They Built the First Phone You Loved. Where in the World Is Nokia Now?

Nokia has arguably been in the communications technology business for a century and a half. “Arguably” because, for that to be true, one needs to consider the company’s original product, paper pulp, a communications technology. Also, one has to know that Nokia Corp. is still in business.

To those who think nostalgically of mobile phones when they hear Nokia, that may not be obvious. For 14 years the tech giant reigned as the world’s biggest handset maker and, while it was at it, a primary engine of Finland’s economy. The company’s fall, however, was swift. In 2012 it lost $4 billion. In 2013 it agreed to sell off its phone business, which employed 32,000, to Microsoft Corp. “It’s evident Nokia doesn’t have the resources to fund the required acceleration across mobile phones and smart devices,” said the company’s chairman, Risto Siilasmaa, in announcing the sale.

But while Nokia has gotten smaller, it remains a big company, with net sales of $26.1 billion last year. It’s a very different company, though, than it was in the heyday of its simple, durable, adorably chunky phones. By and large, it no longer makes things consumers can buy. Today, its familiar all-caps logo is mostly found on network processors, routers, base station radio access units, and other components of the largely invisible infrastructure that undergirds the mobile internet.

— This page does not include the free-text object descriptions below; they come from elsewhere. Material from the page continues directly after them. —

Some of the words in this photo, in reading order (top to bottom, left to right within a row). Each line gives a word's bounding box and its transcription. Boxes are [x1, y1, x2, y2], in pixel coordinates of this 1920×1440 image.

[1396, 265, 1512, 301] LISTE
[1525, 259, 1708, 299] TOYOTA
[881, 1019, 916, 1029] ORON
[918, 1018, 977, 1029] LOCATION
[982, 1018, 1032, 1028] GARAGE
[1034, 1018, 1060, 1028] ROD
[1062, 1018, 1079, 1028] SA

The problems Nokia has to solve to meet the world’s constantly growing demand for data are devilishly complex. Along with rivals including Sweden’s Ericsson (another faded leader in mobile phones) and China’s Huawei Technologies Co. (a more recent contender), the company has reinvented the humble cell tower with sophisticated software that aims beams of data at individual users as they move through the world.

The next two years are going to be a particularly important time for Nokia, as the industry begins rolling out the next generation of wireless networks. So-called 5G will bring faster and richer data. According to Nokia and its rivals—the developers of the underlying equipment—those changes will enable a whole new set of mobile-dependent technologies: driverless cars, telemedicine, more fully automated workplaces, and other changes we’ve yet to imagine. “I want to be a company that helps large enterprises digitize,” says Nokia Chief Executive Officer Rajeev Suri. The company’s bet on 5G is its biggest one since it got out of the phone business. If it fails, it will need to radically reinvent itself once again.

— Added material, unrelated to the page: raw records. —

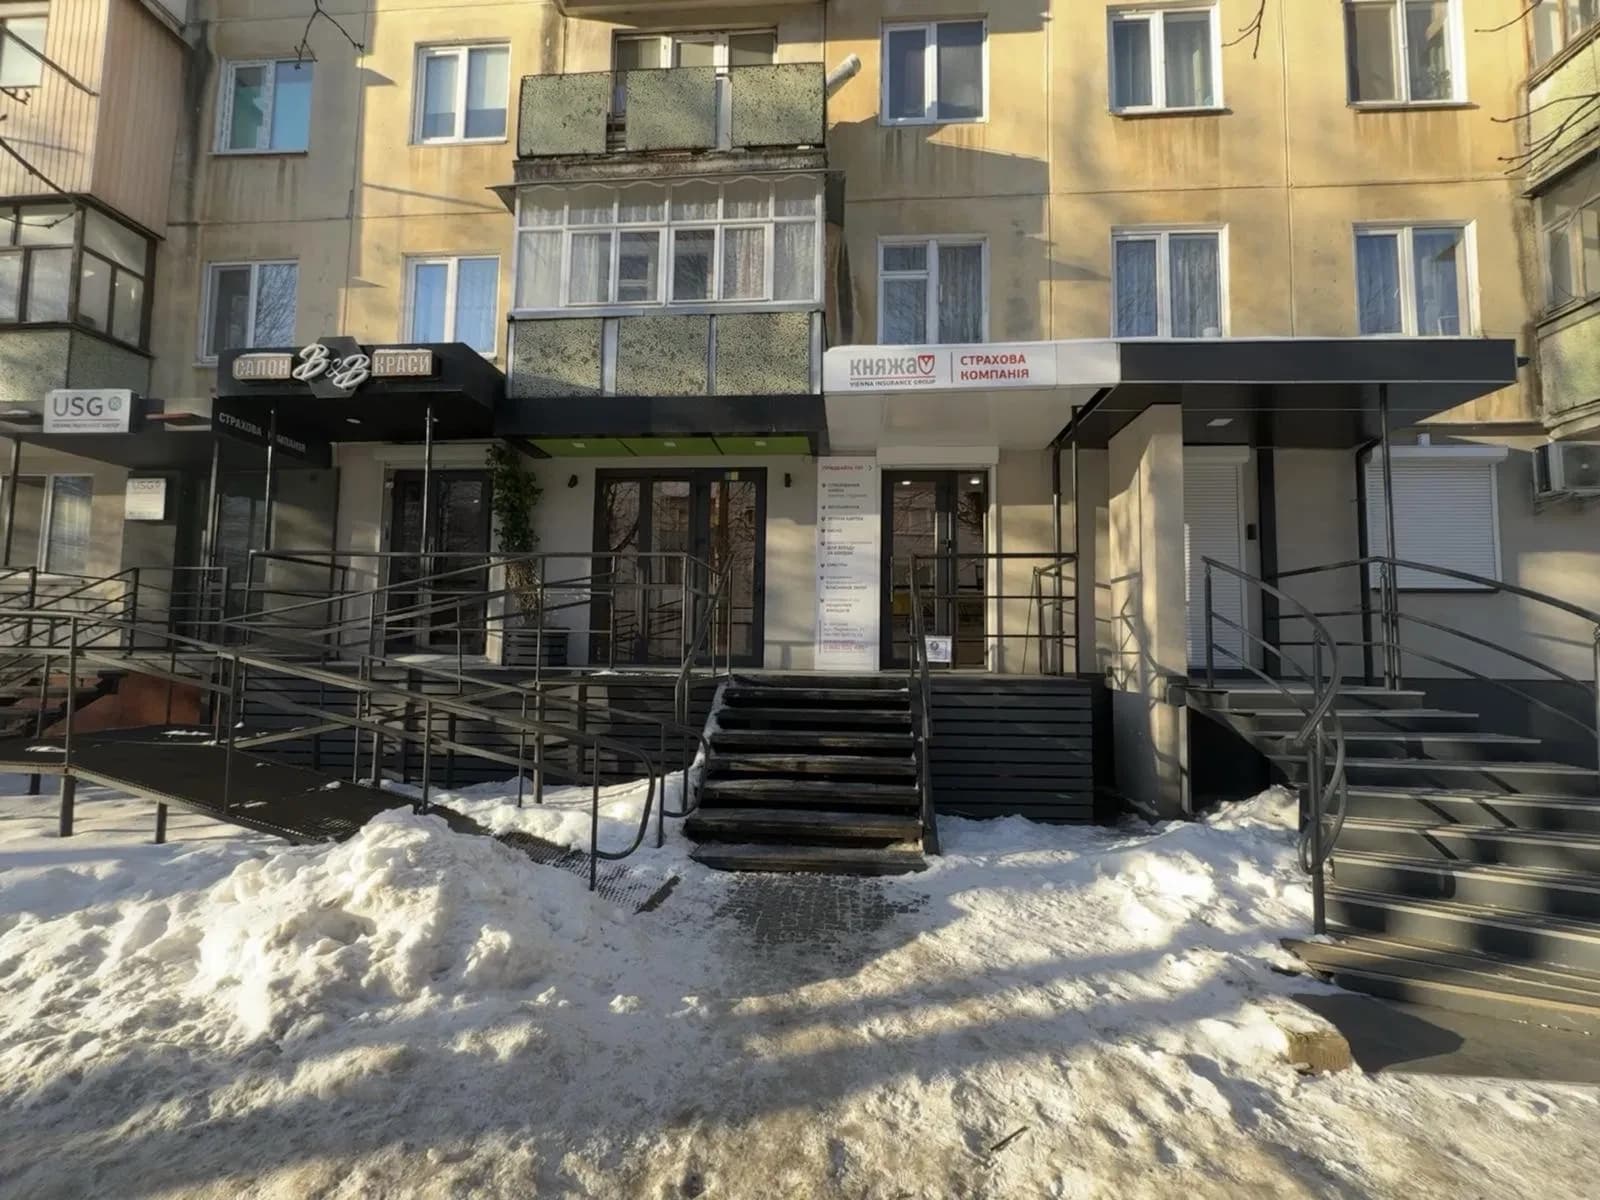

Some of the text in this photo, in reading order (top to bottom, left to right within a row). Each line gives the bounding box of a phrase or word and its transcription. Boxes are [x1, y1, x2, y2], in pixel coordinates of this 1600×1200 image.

[234, 359, 289, 378] САЛОН
[374, 354, 430, 374] КРАСИ
[960, 354, 1026, 366] СТРАХОВА
[960, 368, 1030, 381] КОМПАНІЯ
[53, 396, 104, 417] USG
[218, 411, 263, 437] СТРАХОВА

Nokia is older than Finland. The groundwood pulp mill with which the company got its start was built in 1865 near the town of Tampere, in the southwest of what was at the time a grand duchy of Russia. And though Finland gained its independence in 1917, the Nordic nation’s economic history continued to be shaped by its proximity to Russia. Finland allied with Nazi Germany against the Soviet Union during World War II and afterward had to pay crippling war reparations to Joseph Stalin’s USSR. As Finns today are quick to remind you, only their country paid the entire sum the Allies assessed it—$300 million in 1938 dollars—and Stalin’s demands for trucks and trains forced Finland, a largely agrarian economy, to become an industrial one.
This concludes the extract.